:: DATA LISTING ::
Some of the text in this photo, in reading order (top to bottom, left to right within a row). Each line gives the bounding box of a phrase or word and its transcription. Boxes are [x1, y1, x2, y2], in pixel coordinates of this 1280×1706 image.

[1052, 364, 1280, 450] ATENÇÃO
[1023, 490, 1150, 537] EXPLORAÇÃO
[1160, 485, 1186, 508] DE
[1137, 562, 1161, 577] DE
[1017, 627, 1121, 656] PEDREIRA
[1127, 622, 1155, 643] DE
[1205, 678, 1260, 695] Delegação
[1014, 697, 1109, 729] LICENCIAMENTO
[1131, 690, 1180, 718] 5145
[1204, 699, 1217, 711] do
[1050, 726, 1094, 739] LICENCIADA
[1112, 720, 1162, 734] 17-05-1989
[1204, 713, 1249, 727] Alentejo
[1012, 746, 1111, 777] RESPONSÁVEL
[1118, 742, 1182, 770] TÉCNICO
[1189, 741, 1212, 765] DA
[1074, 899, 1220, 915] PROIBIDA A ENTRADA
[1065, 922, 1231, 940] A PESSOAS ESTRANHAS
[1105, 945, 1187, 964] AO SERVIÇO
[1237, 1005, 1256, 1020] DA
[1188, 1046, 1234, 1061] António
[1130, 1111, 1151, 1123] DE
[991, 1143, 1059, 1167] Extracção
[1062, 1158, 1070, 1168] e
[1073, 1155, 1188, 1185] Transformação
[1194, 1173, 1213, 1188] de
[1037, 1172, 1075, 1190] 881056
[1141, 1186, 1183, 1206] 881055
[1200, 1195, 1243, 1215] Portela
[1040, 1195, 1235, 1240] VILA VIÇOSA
:::
• REQUIREMENT
Each record is to be repeated word for word, with none skipped.

• REPLY
Some of the text in this photo, in reading order (top to bottom, left to right within a row). Each line gives the bounding box of a phrase or word and its transcription. Boxes are [x1, y1, x2, y2], in pixel coordinates of this 1280×1706 image.

[1052, 364, 1280, 450] ATENÇÃO
[1023, 490, 1150, 537] EXPLORAÇÃO
[1160, 485, 1186, 508] DE
[1137, 562, 1161, 577] DE
[1017, 627, 1121, 656] PEDREIRA
[1127, 622, 1155, 643] DE
[1205, 678, 1260, 695] Delegação
[1014, 697, 1109, 729] LICENCIAMENTO
[1131, 690, 1180, 718] 5145
[1204, 699, 1217, 711] do
[1050, 726, 1094, 739] LICENCIADA
[1112, 720, 1162, 734] 17-05-1989
[1204, 713, 1249, 727] Alentejo
[1012, 746, 1111, 777] RESPONSÁVEL
[1118, 742, 1182, 770] TÉCNICO
[1189, 741, 1212, 765] DA
[1074, 899, 1220, 915] PROIBIDA A ENTRADA
[1065, 922, 1231, 940] A PESSOAS ESTRANHAS
[1105, 945, 1187, 964] AO SERVIÇO
[1237, 1005, 1256, 1020] DA
[1188, 1046, 1234, 1061] António
[1130, 1111, 1151, 1123] DE
[991, 1143, 1059, 1167] Extracção
[1062, 1158, 1070, 1168] e
[1073, 1155, 1188, 1185] Transformação
[1194, 1173, 1213, 1188] de
[1037, 1172, 1075, 1190] 881056
[1141, 1186, 1183, 1206] 881055
[1200, 1195, 1243, 1215] Portela
[1040, 1195, 1235, 1240] VILA VIÇOSA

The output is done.